* [RECORDS FOR THE TASK]:
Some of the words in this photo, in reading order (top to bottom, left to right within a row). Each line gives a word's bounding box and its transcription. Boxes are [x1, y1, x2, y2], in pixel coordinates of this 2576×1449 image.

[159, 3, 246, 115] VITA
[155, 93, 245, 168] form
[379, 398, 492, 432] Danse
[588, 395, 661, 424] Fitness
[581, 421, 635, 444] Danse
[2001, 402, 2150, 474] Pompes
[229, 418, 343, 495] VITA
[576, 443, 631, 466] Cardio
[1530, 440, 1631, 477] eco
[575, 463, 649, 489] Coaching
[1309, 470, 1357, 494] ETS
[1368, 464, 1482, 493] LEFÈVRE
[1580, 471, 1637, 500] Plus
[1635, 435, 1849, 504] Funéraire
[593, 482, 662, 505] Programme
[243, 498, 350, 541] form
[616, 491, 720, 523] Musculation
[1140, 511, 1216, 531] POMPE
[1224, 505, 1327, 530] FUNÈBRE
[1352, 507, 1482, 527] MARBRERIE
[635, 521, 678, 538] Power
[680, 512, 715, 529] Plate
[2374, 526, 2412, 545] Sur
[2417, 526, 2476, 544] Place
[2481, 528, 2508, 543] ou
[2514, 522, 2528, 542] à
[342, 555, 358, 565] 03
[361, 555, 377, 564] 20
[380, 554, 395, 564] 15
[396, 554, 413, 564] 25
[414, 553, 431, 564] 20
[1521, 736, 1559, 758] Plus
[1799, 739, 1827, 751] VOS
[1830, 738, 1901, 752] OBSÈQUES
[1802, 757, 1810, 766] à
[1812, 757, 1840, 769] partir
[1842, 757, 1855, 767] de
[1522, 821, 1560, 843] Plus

* [PROBLEM DESCRIPTION]: Beginning with the first line, transcribe the complete listing exactly.

* [RESULT FOR THIS TASK]:
Some of the words in this photo, in reading order (top to bottom, left to right within a row). Each line gives a word's bounding box and its transcription. Boxes are [x1, y1, x2, y2], in pixel coordinates of this 2576×1449 image.

[159, 3, 246, 115] VITA
[155, 93, 245, 168] form
[379, 398, 492, 432] Danse
[588, 395, 661, 424] Fitness
[581, 421, 635, 444] Danse
[2001, 402, 2150, 474] Pompes
[229, 418, 343, 495] VITA
[576, 443, 631, 466] Cardio
[1530, 440, 1631, 477] eco
[575, 463, 649, 489] Coaching
[1309, 470, 1357, 494] ETS
[1368, 464, 1482, 493] LEFÈVRE
[1580, 471, 1637, 500] Plus
[1635, 435, 1849, 504] Funéraire
[593, 482, 662, 505] Programme
[243, 498, 350, 541] form
[616, 491, 720, 523] Musculation
[1140, 511, 1216, 531] POMPE
[1224, 505, 1327, 530] FUNÈBRE
[1352, 507, 1482, 527] MARBRERIE
[635, 521, 678, 538] Power
[680, 512, 715, 529] Plate
[2374, 526, 2412, 545] Sur
[2417, 526, 2476, 544] Place
[2481, 528, 2508, 543] ou
[2514, 522, 2528, 542] à
[342, 555, 358, 565] 03
[361, 555, 377, 564] 20
[380, 554, 395, 564] 15
[396, 554, 413, 564] 25
[414, 553, 431, 564] 20
[1521, 736, 1559, 758] Plus
[1799, 739, 1827, 751] VOS
[1830, 738, 1901, 752] OBSÈQUES
[1802, 757, 1810, 766] à
[1812, 757, 1840, 769] partir
[1842, 757, 1855, 767] de
[1522, 821, 1560, 843] Plus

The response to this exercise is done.